▶ **TASK TO COMPLETE**: Write out, exactly and in full, the records given below, but not their pictures.

▶ **DATA EXCERPTS**:
----
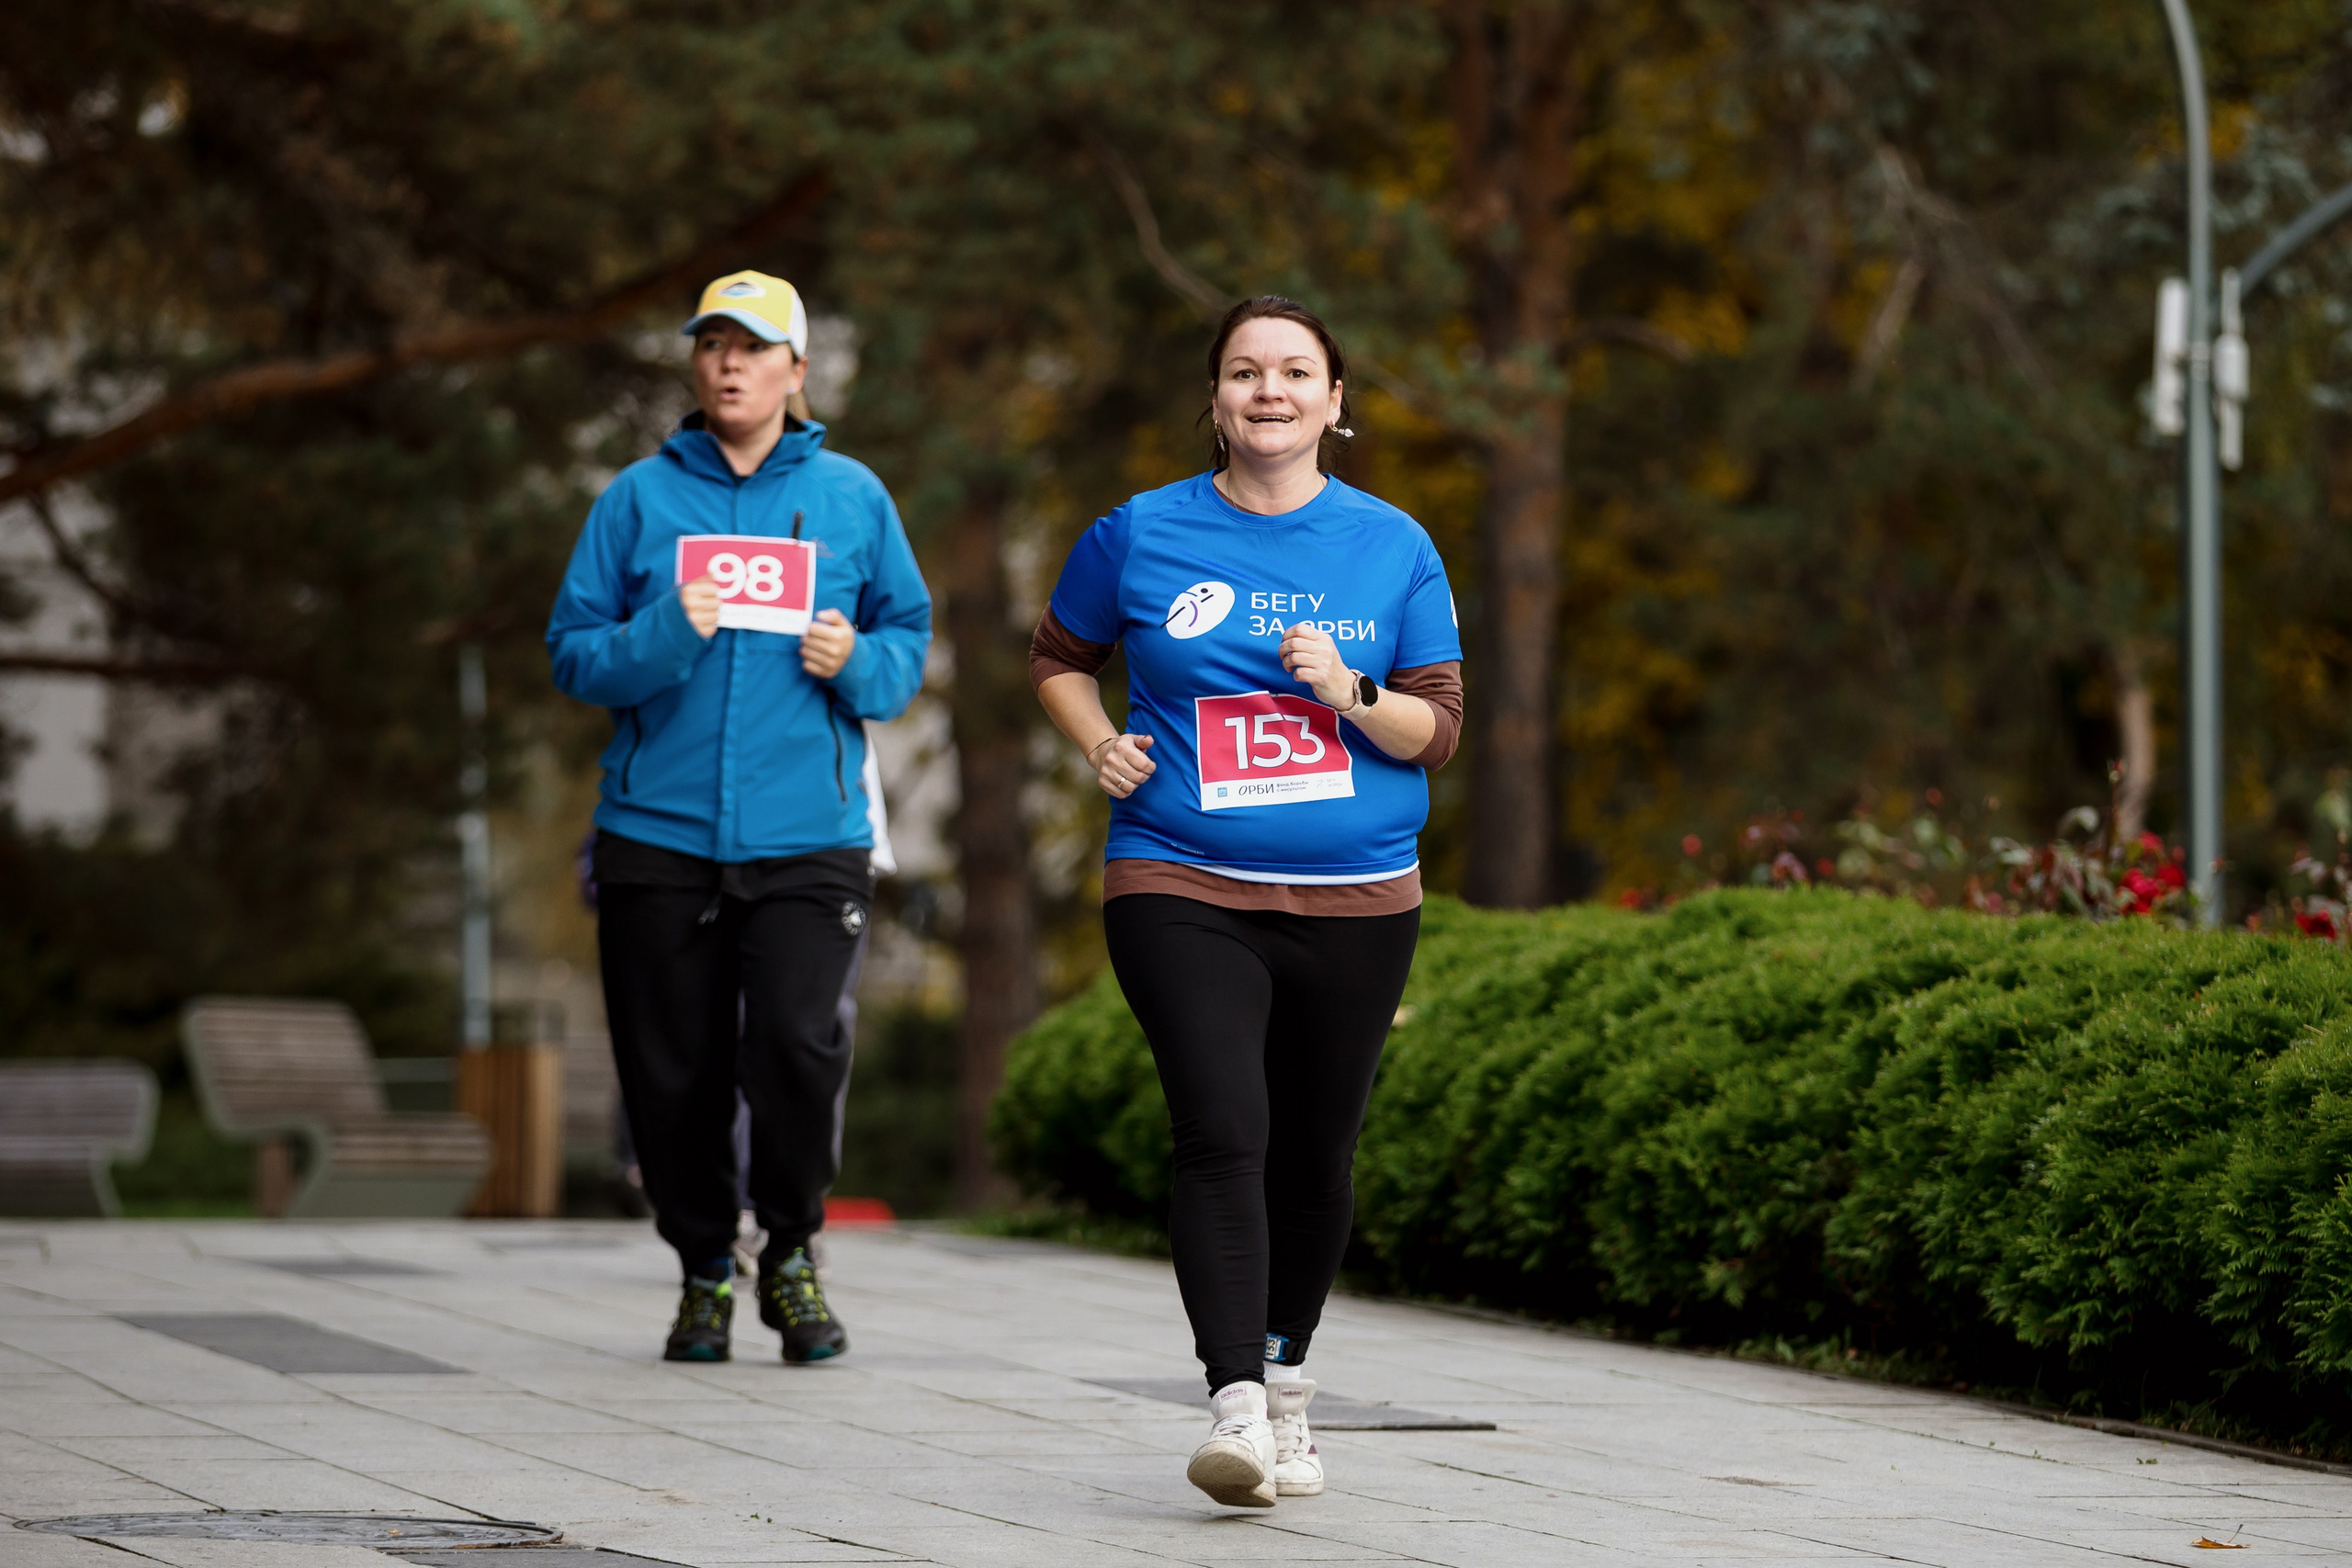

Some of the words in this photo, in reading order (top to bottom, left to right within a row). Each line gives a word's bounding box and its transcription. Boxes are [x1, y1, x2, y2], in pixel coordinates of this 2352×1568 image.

[707, 552, 785, 602] 98
[1250, 592, 1326, 613] БЕГУ
[1249, 615, 1285, 637] ЗА
[1224, 712, 1326, 771] 153
[1238, 784, 1274, 795] ОРБИ
[1266, 1338, 1275, 1356] 153
[1220, 1387, 1244, 1399] adidas
----
▶ **FINISHED EXERCISE**:
Some of the words in this photo, in reading order (top to bottom, left to right within a row). Each line gives a word's bounding box and its transcription. Boxes are [x1, y1, x2, y2], in pixel coordinates of this 2352×1568 image.

[707, 552, 785, 602] 98
[1250, 592, 1326, 613] БЕГУ
[1249, 615, 1285, 637] ЗА
[1224, 712, 1326, 771] 153
[1238, 784, 1274, 795] ОРБИ
[1266, 1338, 1275, 1356] 153
[1220, 1387, 1244, 1399] adidas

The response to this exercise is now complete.